* Task directions
Drop the pictures, then repeat every record exactly as it stands.

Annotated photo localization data
···

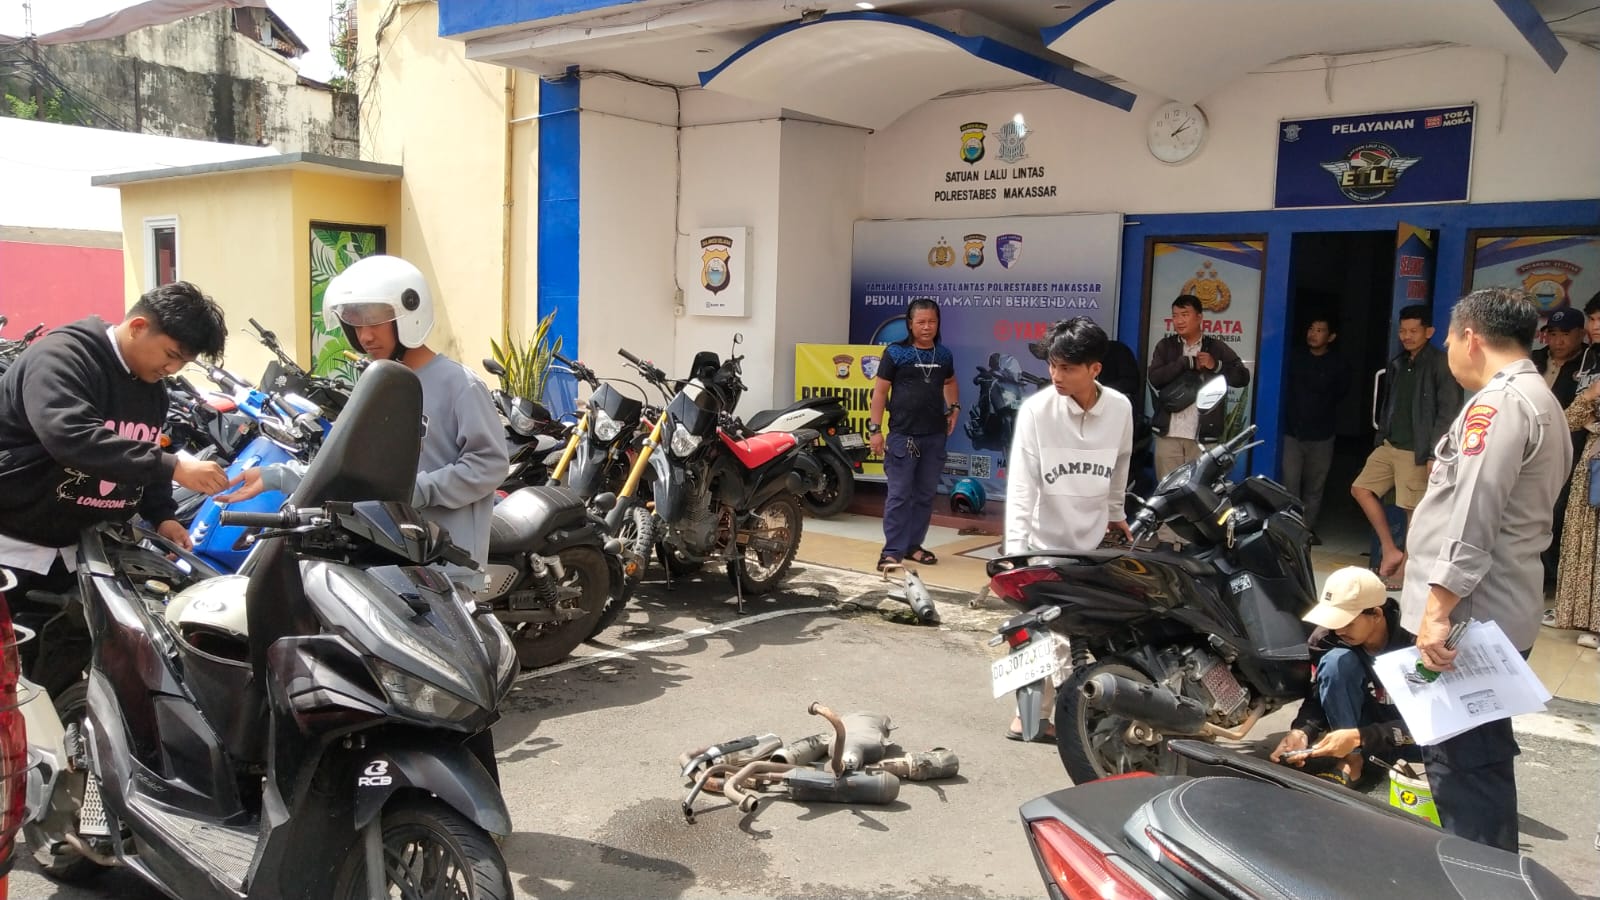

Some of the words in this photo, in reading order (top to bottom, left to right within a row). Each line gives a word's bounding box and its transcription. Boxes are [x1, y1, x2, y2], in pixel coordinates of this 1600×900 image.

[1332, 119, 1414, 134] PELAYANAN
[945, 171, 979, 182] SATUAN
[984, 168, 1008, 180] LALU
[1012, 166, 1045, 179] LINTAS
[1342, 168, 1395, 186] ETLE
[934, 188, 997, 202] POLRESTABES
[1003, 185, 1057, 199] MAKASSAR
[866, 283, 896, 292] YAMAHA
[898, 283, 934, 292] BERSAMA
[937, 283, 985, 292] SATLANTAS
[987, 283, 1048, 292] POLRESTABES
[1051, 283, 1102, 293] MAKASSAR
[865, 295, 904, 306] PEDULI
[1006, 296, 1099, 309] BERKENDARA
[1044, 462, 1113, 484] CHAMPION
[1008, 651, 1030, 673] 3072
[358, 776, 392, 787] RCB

···

* Your solution
Some of the words in this photo, in reading order (top to bottom, left to right within a row). Each line gives a word's bounding box and its transcription. Boxes are [x1, y1, x2, y2], in pixel coordinates of this 1600×900 image.

[1332, 119, 1414, 134] PELAYANAN
[945, 171, 979, 182] SATUAN
[984, 168, 1008, 180] LALU
[1012, 166, 1045, 179] LINTAS
[1342, 168, 1395, 186] ETLE
[934, 188, 997, 202] POLRESTABES
[1003, 185, 1057, 199] MAKASSAR
[866, 283, 896, 292] YAMAHA
[898, 283, 934, 292] BERSAMA
[937, 283, 985, 292] SATLANTAS
[987, 283, 1048, 292] POLRESTABES
[1051, 283, 1102, 293] MAKASSAR
[865, 295, 904, 306] PEDULI
[1006, 296, 1099, 309] BERKENDARA
[1044, 462, 1113, 484] CHAMPION
[1008, 651, 1030, 673] 3072
[358, 776, 392, 787] RCB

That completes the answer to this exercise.